[[ SOURCE DATA, beginning ]]

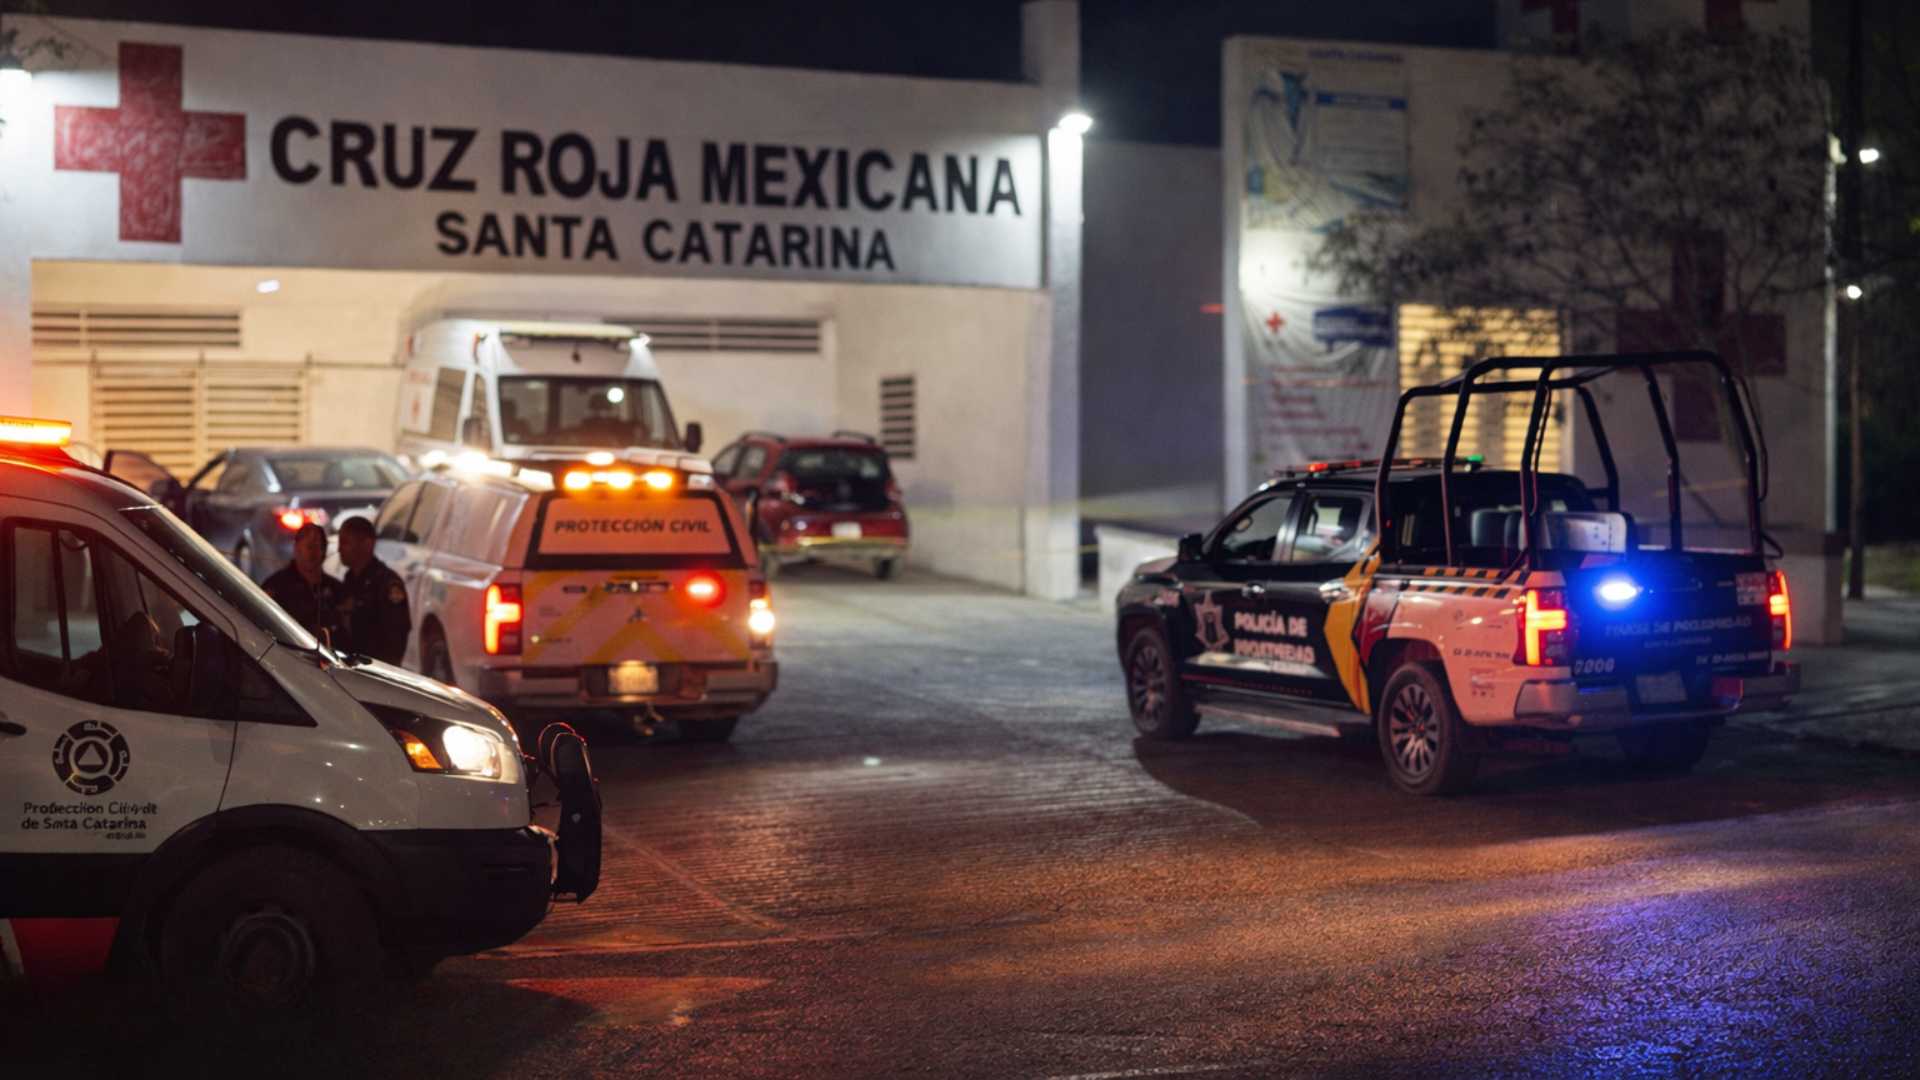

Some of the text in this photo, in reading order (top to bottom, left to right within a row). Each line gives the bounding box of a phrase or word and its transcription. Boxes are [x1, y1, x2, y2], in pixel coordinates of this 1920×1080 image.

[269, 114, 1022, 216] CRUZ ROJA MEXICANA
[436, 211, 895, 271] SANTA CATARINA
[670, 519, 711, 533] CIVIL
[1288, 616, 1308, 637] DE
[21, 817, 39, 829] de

[[ SOURCE DATA, end ]]

_PROBLEM DESCRIPTION_
Reproduce every line of the data above, exactly as it stands, but not the pictures.

_WRITTEN REPLY_
Some of the text in this photo, in reading order (top to bottom, left to right within a row). Each line gives the bounding box of a phrase or word and its transcription. Boxes are [x1, y1, x2, y2], in pixel coordinates of this 1920×1080 image.

[269, 114, 1022, 216] CRUZ ROJA MEXICANA
[436, 211, 895, 271] SANTA CATARINA
[670, 519, 711, 533] CIVIL
[1288, 616, 1308, 637] DE
[21, 817, 39, 829] de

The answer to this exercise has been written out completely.